Równocześnie jednak myślę, że powinnyśmy mieć własny wątek gawędziarski, tak jak mamuśki itp., pytanie tylko gdzie? może jednak NIE na Chwili zadumy?
jestem szczesliwa mezatka i uwielbiam chodzic sama do kina :D
Odpowiedz
Ja co prawda singielką nie jestem, ale tak długo nią byłam że ma do singli sentyment :) Popieram więc Was co do założenia działu ;)
PS Kiedyś często chadzałam sama do kina i nawet to lubiłam :D Teraz za to nie chadzam wcale, wiec nie wiem Och co jest lepsze ;)
to i ja jestem za utworzeniem działu dla singli :D są mamy, panny młode.. (a tam bynajmniej mogę sobie tylko poczytać i pomarzyć ;) )
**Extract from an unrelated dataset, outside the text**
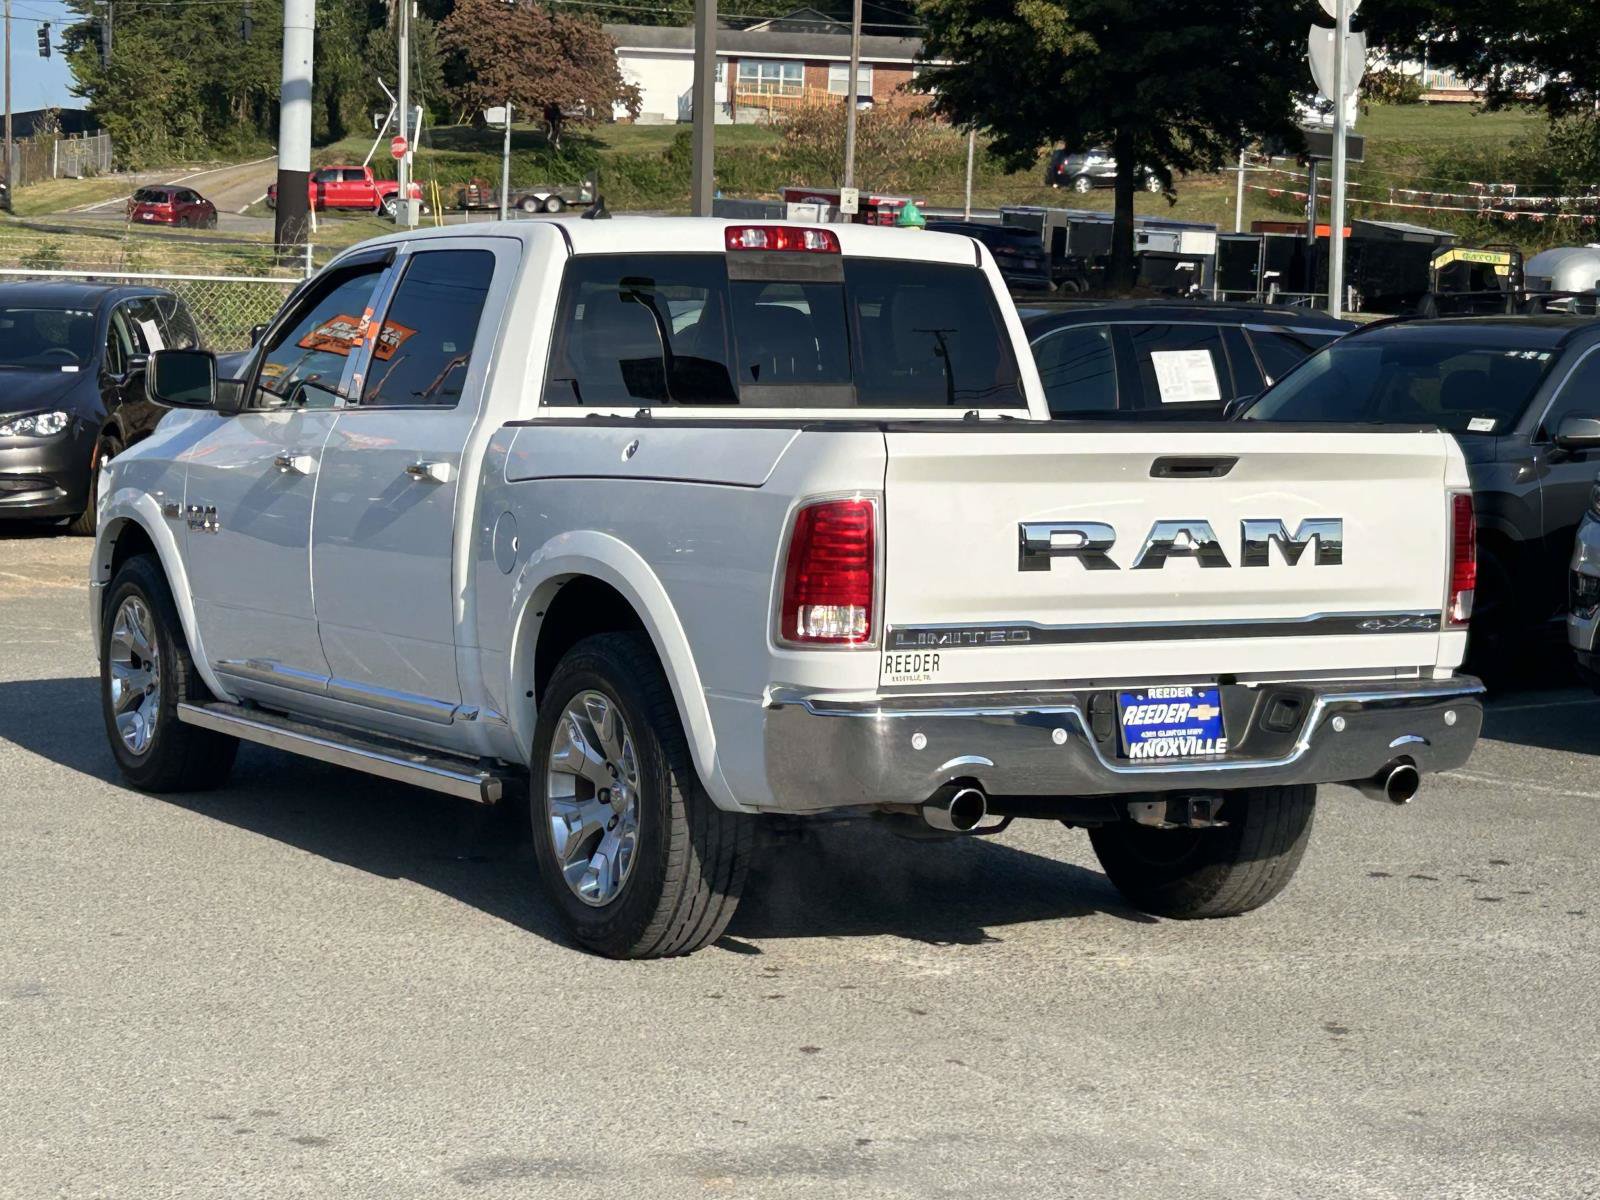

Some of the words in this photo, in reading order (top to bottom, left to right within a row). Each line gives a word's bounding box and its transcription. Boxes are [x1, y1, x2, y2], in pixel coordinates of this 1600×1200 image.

więc czemu i nie dla samotnych? ;)
Och przykro mi, wiem co czujesz... Ale w zyciu czeka Cie pewnie wiele jeszcze szczesliwych chwil, pal licho te smutniejsze.....
:usciski:
Dziewczyny duzo nas -singielek, osób mniej czy bardziej samotnych na forumi ( czy moze mi se zdaje?) , ...a nie zawsze przeciez jest nam smutno. Nie wiem, moze warto byłoby stworzyc dla nas osobny dział, bo tak to prędzej czy pozniej zakładamy wątek na Chwili Zadumy.
Dodam, że jedna forumka - nie będe Cie siuda wskazywać palcem przeciez ;) rzuciła taki pomysł na jednym z forumowych spotkań
Och napisał(a):Wczoraj pierwszy raz w życiu poszłam sama do kina.
Tym się akurat nie przejmuj, ja przeważnie chodzę sama do kina - plus: wynoszę z seansów ciut więcej, niż pytanie, czy osoba towarzysząca bawiła się mniej/więcej/tak samo dobrze jak ja. lol
A poważnie - uściski od singielki. Mocne, do utraty tchu. :usciski:
Och, napisałaś przeceiz że masz blizsze i dalsze towarzystwo tylko akurat nie pasowało im wtedy kiedy Ty chciałas, nie jestes więc sama, tylko akurat wasza chec pojscia do kina nie pokryła, nie przejmuj sie :D Moze sama zwolaj pare kolezanek i wyciagnij je do kina umawiajac sie na konkretny dzien? Nie dołuj sie kochana, nie warto.